Overview of Too and Enough
'Too' and 'Enough' can modify both nouns, adjectives and adverbs. 'Too' indicates that there is too much of a quality, or too much or too many of some object. 'Enough' means that there is no need for more of a quality or object. Here are some examples:
She's too sad these days. I wonder what's wrong.
I don't have enough sugar. Let's go to the supermarket.
You're driving too slowly!
There are too many students in this class. It should be smaller.

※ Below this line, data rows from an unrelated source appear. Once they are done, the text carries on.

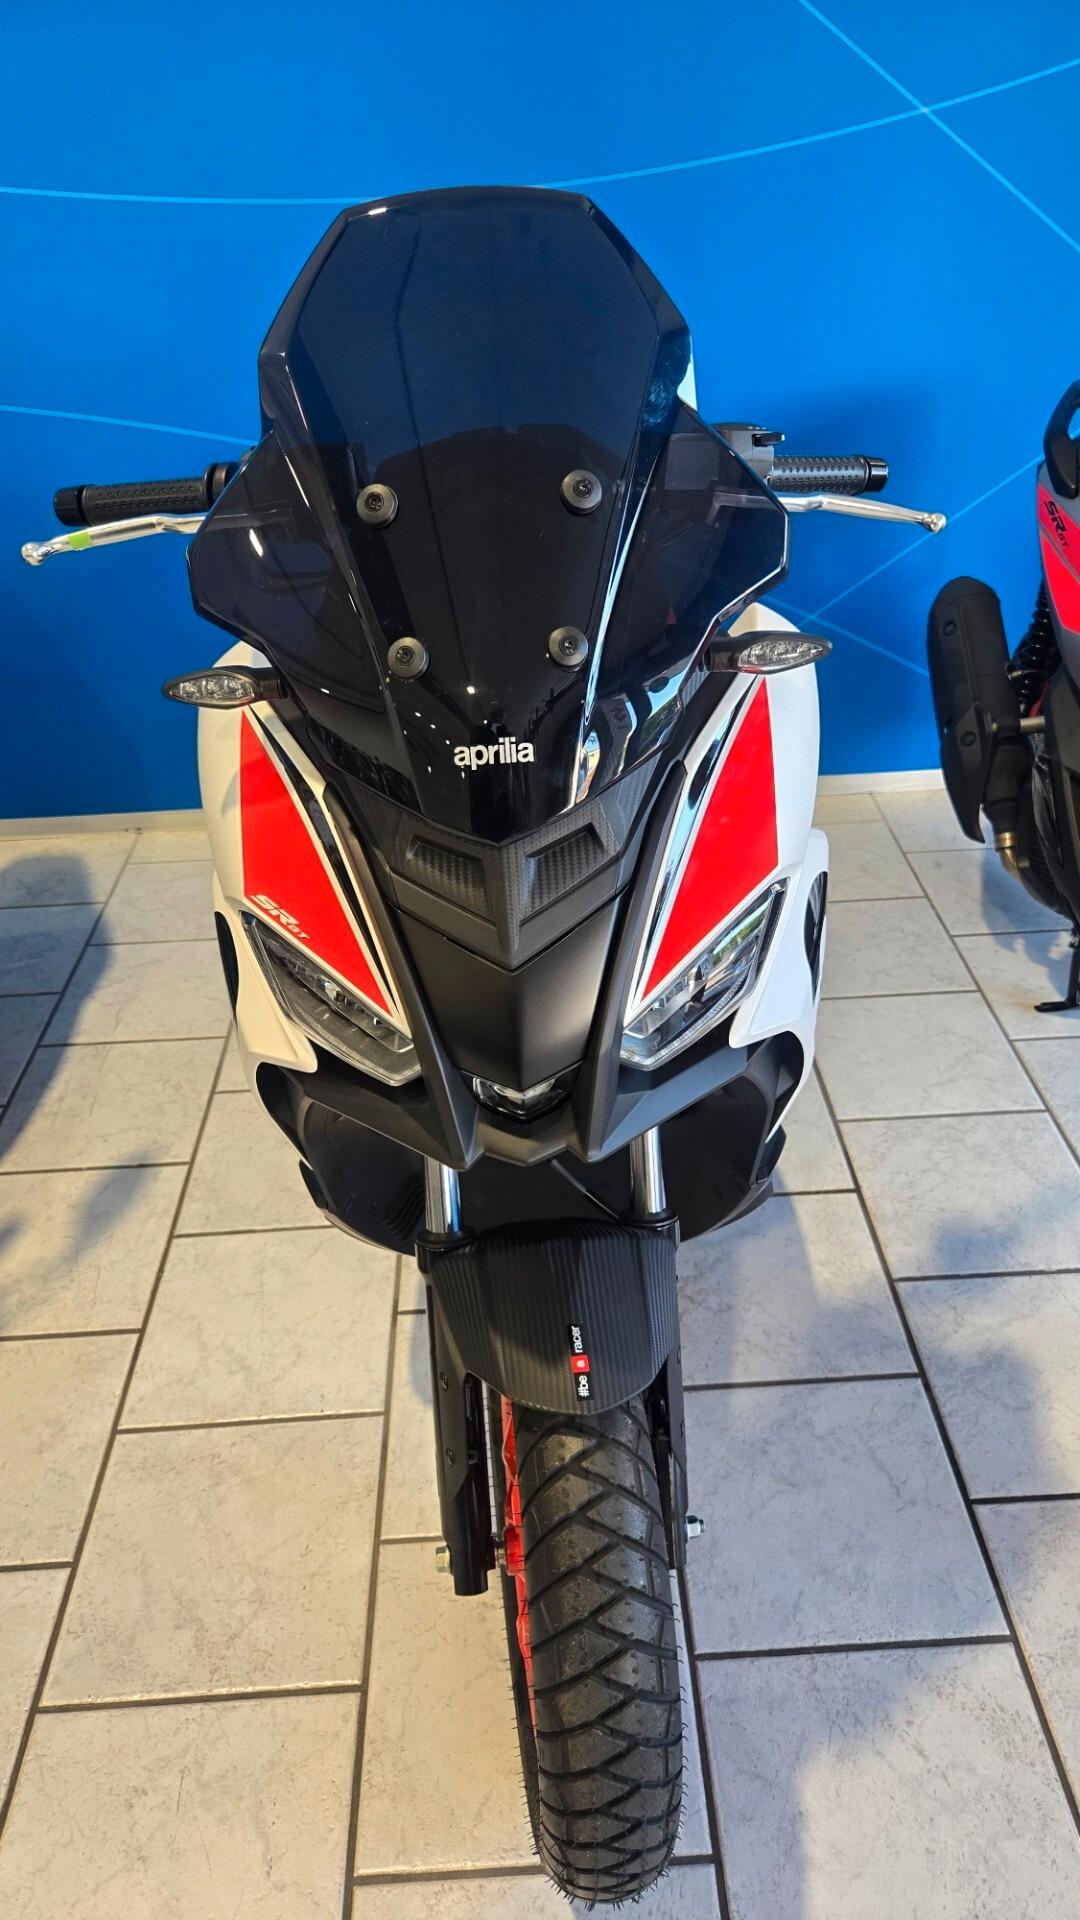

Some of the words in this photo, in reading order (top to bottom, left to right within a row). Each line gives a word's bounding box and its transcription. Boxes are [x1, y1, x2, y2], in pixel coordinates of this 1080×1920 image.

[1044, 500, 1067, 533] SR
[453, 736, 535, 771] aprilia
[248, 894, 300, 926] SR
[570, 1325, 584, 1354] racer
[577, 1375, 590, 1398] #be

This test is difficult enough already!
We have too much pollution in the world.
Focus on Enough
Reading the examples you may notice that 'enough' is sometimes placed before the word it modifies. For example:
What do we need for dinner? I think we have enough vegetables, don't we?

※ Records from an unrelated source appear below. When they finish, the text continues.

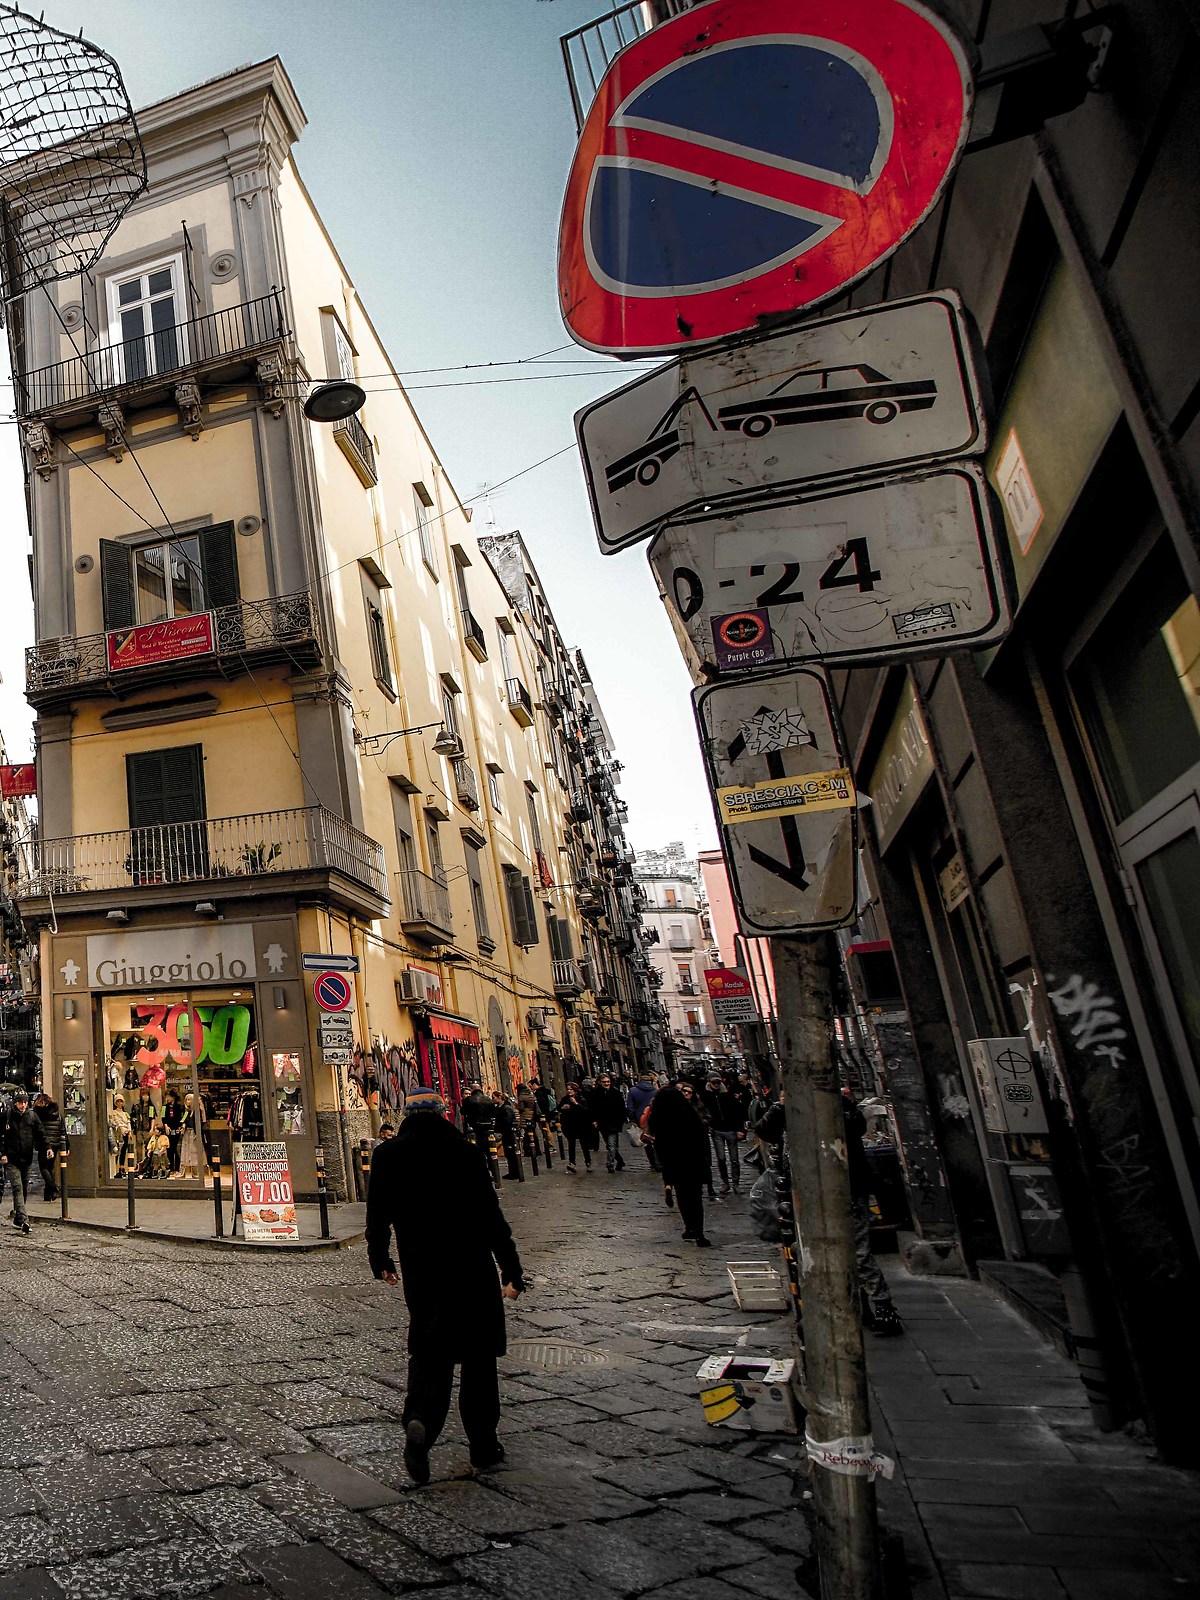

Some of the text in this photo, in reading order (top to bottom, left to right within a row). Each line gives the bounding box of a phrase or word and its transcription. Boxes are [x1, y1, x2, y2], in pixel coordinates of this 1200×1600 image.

[158, 620, 206, 639] Visconti
[727, 652, 750, 663] Purple
[751, 649, 765, 659] CBD
[728, 805, 748, 814] Photo
[750, 801, 782, 811] Specialist
[784, 798, 803, 807] Store
[95, 952, 247, 987] Giuggiolo
[242, 1182, 291, 1203] € 7.00
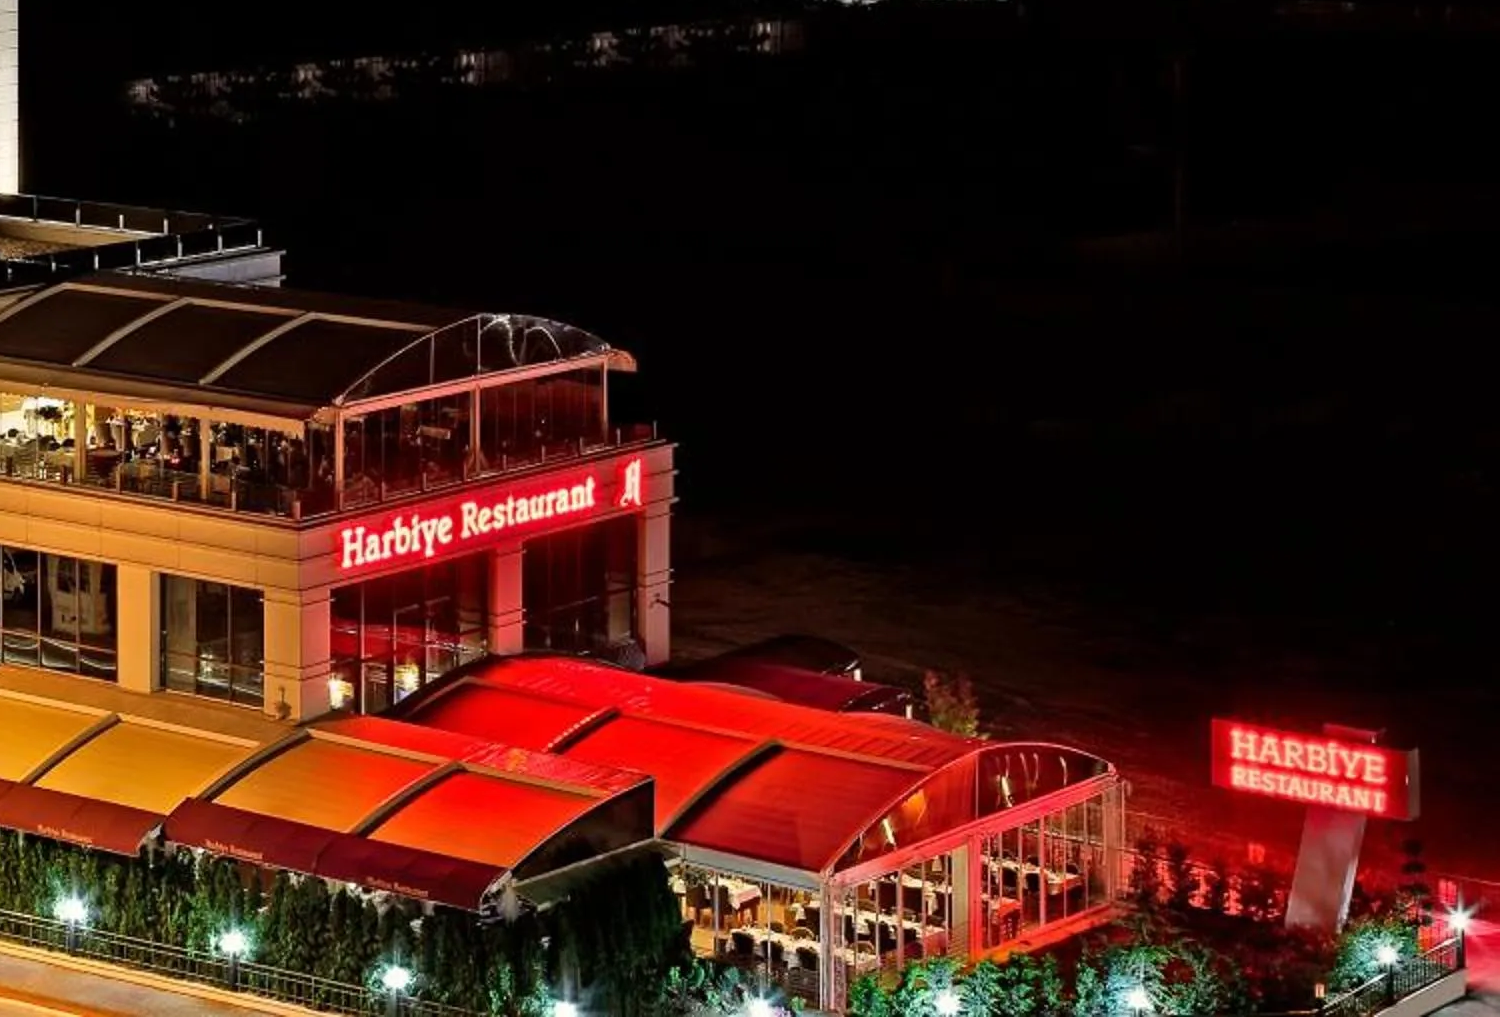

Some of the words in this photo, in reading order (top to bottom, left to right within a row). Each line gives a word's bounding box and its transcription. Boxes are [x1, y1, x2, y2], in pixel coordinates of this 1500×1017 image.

[341, 516, 453, 568] Harbiye
[461, 476, 596, 539] Restaurant
[1230, 729, 1388, 784] HARBİYE
[1230, 766, 1388, 813] RESTAURANT

She feels that Tom has more than enough time to help.
In the other examples, 'enough' is placed after the word in modifies. For example:
You should ask John for help he's rich enough to help us all!
I don't think they are smart enough to take that class.
Take a look at the words modified in the examples above. You will note that 'enough' is placed in front of the nouns 'vegetables' and 'time'. 'Enough' is placed after the adjectives 'rich' and 'smart'. If you are unsure what a noun or an adjective is, please review parts of speech.
Rules for Enough
Adjective + Enough
Place 'enough' directly after the adjective modified when using 'enough' as an adverb to mean to the required degree or extent.
He's not patient enough to understand children.
My friend wasn't intelligent enough to take the job.
Adverb + Enough
Place 'enough' directly after the adverb modified when using 'enough' as an adverb to mean to the required degree or extent.
Peter drove slowly enough for us to look at all the houses.
The students studied carefully enough to do well on the exam.
Enough + Noun
Place 'enough' directly before a noun to state that there is as much or as many as required.
Do you have enough money for your vacation?
I'm afraid we don't have enough oranges to make the dessert.
Practice your understanding by taking the enough quiz testing the grammar points introduced above.
Focus on Too
Reading the examples you can notice that 'too' is used with nouns, adjectives and adverbs. However, when using 'too' with nouns, 'too' is followed by 'much' or 'many'. The choice of 'too much' or 'too many' depends on whether the noun modified is countable or uncountable, also referred to as count and non-count nouns.
Anna is too concerned about her grades.
The boys are too crazy today!
We have too many books in this room.
There is too much information to learn these days.
Rules for Too
Too + Adjective
Place 'too' before adjectives to state that something has an excess amount of a quality.
He's too angry about that incident.
Mary is too anxious about her cousin.
Too + Adverb
Place 'too' before adverbs to state that someone is doing something to an excess or more than necessary.
That man is driving too slowly. I wonder if he's been drinking.
You are speaking too rudely to that man. It's important to be kind!
Too Much + Uncountable Noun
Place 'too much' before uncountable nouns to state that there is an excess amount of an object.
We have too much time on our hands this weekend.
You've put too much sugar in the cake.
Too Many + Countable Noun
Place 'too many' before plurals of countable nouns to state that there is an excess number of an object.
Franca has too many problems to deal with this week.
The boys have bought too many clothes. Let's take some of them back to the store.